▶ **What is needed**: The answer must be an exact copy of every record below.

§

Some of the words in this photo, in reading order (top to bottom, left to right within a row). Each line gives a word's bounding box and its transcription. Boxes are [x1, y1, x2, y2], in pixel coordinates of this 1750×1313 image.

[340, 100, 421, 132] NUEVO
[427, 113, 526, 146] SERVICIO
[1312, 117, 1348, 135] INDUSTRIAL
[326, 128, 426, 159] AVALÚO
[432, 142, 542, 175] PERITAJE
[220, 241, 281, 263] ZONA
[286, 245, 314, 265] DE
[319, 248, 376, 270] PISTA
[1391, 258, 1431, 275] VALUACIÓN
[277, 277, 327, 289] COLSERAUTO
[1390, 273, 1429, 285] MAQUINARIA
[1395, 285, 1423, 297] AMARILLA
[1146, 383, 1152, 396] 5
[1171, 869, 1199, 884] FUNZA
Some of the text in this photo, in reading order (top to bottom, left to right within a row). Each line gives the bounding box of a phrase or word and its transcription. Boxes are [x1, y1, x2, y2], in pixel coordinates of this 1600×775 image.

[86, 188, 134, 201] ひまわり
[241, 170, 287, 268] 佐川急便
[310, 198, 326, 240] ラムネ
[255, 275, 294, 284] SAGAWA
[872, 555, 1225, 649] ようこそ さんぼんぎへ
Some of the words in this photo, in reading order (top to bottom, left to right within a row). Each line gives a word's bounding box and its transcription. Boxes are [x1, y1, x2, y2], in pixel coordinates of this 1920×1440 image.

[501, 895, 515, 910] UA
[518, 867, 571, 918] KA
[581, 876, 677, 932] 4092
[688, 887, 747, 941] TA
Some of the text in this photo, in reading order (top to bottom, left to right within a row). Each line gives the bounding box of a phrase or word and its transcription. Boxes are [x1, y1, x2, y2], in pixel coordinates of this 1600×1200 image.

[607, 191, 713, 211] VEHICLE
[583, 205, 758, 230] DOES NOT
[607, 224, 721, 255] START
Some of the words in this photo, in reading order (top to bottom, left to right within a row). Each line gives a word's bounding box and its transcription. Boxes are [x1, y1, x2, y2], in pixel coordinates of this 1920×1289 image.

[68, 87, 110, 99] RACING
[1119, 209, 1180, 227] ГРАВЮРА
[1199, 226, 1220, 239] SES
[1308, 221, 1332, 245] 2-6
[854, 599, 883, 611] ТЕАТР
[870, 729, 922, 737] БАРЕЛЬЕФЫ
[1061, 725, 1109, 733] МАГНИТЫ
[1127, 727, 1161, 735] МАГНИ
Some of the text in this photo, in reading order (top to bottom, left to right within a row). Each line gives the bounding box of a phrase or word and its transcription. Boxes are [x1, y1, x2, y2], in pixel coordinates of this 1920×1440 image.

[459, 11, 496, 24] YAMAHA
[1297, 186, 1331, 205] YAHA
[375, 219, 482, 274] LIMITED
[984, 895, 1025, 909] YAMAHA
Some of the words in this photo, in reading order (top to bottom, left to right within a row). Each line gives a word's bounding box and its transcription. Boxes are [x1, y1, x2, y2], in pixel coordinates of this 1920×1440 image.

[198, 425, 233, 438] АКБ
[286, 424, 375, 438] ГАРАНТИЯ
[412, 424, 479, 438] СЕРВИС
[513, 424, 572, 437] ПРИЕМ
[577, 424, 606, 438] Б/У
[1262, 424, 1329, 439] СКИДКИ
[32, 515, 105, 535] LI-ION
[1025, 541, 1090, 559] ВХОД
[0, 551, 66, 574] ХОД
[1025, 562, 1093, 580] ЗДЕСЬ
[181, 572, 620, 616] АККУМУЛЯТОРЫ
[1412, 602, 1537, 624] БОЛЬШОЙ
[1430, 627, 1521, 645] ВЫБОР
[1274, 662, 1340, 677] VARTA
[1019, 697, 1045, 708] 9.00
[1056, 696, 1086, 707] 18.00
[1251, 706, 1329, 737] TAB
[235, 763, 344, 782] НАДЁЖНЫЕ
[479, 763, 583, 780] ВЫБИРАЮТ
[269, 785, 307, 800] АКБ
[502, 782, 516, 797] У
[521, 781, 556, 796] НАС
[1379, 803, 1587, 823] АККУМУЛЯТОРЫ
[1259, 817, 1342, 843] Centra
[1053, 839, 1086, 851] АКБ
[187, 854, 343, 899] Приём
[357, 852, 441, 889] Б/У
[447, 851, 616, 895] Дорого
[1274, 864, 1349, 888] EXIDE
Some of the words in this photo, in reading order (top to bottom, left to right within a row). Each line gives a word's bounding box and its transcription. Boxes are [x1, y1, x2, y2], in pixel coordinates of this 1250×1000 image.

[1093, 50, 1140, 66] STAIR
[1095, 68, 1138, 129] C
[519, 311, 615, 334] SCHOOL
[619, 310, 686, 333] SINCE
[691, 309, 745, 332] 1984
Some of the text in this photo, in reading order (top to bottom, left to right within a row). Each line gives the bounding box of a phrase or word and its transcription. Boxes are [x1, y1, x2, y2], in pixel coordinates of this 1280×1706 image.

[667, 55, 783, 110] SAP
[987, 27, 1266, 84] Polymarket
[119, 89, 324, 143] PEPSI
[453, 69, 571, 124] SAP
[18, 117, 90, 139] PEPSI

§

▶ **Result of the exercise**:
Some of the words in this photo, in reading order (top to bottom, left to right within a row). Each line gives a word's bounding box and its transcription. Boxes are [x1, y1, x2, y2], in pixel coordinates of this 1750×1313 image.

[340, 100, 421, 132] NUEVO
[427, 113, 526, 146] SERVICIO
[1312, 117, 1348, 135] INDUSTRIAL
[326, 128, 426, 159] AVALÚO
[432, 142, 542, 175] PERITAJE
[220, 241, 281, 263] ZONA
[286, 245, 314, 265] DE
[319, 248, 376, 270] PISTA
[1391, 258, 1431, 275] VALUACIÓN
[277, 277, 327, 289] COLSERAUTO
[1390, 273, 1429, 285] MAQUINARIA
[1395, 285, 1423, 297] AMARILLA
[1146, 383, 1152, 396] 5
[1171, 869, 1199, 884] FUNZA
Some of the text in this photo, in reading order (top to bottom, left to right within a row). Each line gives the bounding box of a phrase or word and its transcription. Boxes are [x1, y1, x2, y2], in pixel coordinates of this 1600×775 image.

[86, 188, 134, 201] ひまわり
[241, 170, 287, 268] 佐川急便
[310, 198, 326, 240] ラムネ
[255, 275, 294, 284] SAGAWA
[872, 555, 1225, 649] ようこそ さんぼんぎへ
Some of the words in this photo, in reading order (top to bottom, left to right within a row). Each line gives a word's bounding box and its transcription. Boxes are [x1, y1, x2, y2], in pixel coordinates of this 1920×1440 image.

[501, 895, 515, 910] UA
[518, 867, 571, 918] KA
[581, 876, 677, 932] 4092
[688, 887, 747, 941] TA
Some of the text in this photo, in reading order (top to bottom, left to right within a row). Each line gives the bounding box of a phrase or word and its transcription. Boxes are [x1, y1, x2, y2], in pixel coordinates of this 1600×1200 image.

[607, 191, 713, 211] VEHICLE
[583, 205, 758, 230] DOES NOT
[607, 224, 721, 255] START
Some of the words in this photo, in reading order (top to bottom, left to right within a row). Each line gives a word's bounding box and its transcription. Boxes are [x1, y1, x2, y2], in pixel coordinates of this 1920×1289 image.

[68, 87, 110, 99] RACING
[1119, 209, 1180, 227] ГРАВЮРА
[1199, 226, 1220, 239] SES
[1308, 221, 1332, 245] 2-6
[854, 599, 883, 611] ТЕАТР
[870, 729, 922, 737] БАРЕЛЬЕФЫ
[1061, 725, 1109, 733] МАГНИТЫ
[1127, 727, 1161, 735] МАГНИ
Some of the text in this photo, in reading order (top to bottom, left to right within a row). Each line gives the bounding box of a phrase or word and its transcription. Boxes are [x1, y1, x2, y2], in pixel coordinates of this 1920×1440 image.

[459, 11, 496, 24] YAMAHA
[1297, 186, 1331, 205] YAHA
[375, 219, 482, 274] LIMITED
[984, 895, 1025, 909] YAMAHA
Some of the words in this photo, in reading order (top to bottom, left to right within a row). Each line gives a word's bounding box and its transcription. Boxes are [x1, y1, x2, y2], in pixel coordinates of this 1920×1440 image.

[198, 425, 233, 438] АКБ
[286, 424, 375, 438] ГАРАНТИЯ
[412, 424, 479, 438] СЕРВИС
[513, 424, 572, 437] ПРИЕМ
[577, 424, 606, 438] Б/У
[1262, 424, 1329, 439] СКИДКИ
[32, 515, 105, 535] LI-ION
[1025, 541, 1090, 559] ВХОД
[0, 551, 66, 574] ХОД
[1025, 562, 1093, 580] ЗДЕСЬ
[181, 572, 620, 616] АККУМУЛЯТОРЫ
[1412, 602, 1537, 624] БОЛЬШОЙ
[1430, 627, 1521, 645] ВЫБОР
[1274, 662, 1340, 677] VARTA
[1019, 697, 1045, 708] 9.00
[1056, 696, 1086, 707] 18.00
[1251, 706, 1329, 737] TAB
[235, 763, 344, 782] НАДЁЖНЫЕ
[479, 763, 583, 780] ВЫБИРАЮТ
[269, 785, 307, 800] АКБ
[502, 782, 516, 797] У
[521, 781, 556, 796] НАС
[1379, 803, 1587, 823] АККУМУЛЯТОРЫ
[1259, 817, 1342, 843] Centra
[1053, 839, 1086, 851] АКБ
[187, 854, 343, 899] Приём
[357, 852, 441, 889] Б/У
[447, 851, 616, 895] Дорого
[1274, 864, 1349, 888] EXIDE
Some of the words in this photo, in reading order (top to bottom, left to right within a row). Each line gives a word's bounding box and its transcription. Boxes are [x1, y1, x2, y2], in pixel coordinates of this 1250×1000 image.

[1093, 50, 1140, 66] STAIR
[1095, 68, 1138, 129] C
[519, 311, 615, 334] SCHOOL
[619, 310, 686, 333] SINCE
[691, 309, 745, 332] 1984
Some of the text in this photo, in reading order (top to bottom, left to right within a row). Each line gives the bounding box of a phrase or word and its transcription. Boxes are [x1, y1, x2, y2], in pixel coordinates of this 1280×1706 image.

[667, 55, 783, 110] SAP
[987, 27, 1266, 84] Polymarket
[119, 89, 324, 143] PEPSI
[453, 69, 571, 124] SAP
[18, 117, 90, 139] PEPSI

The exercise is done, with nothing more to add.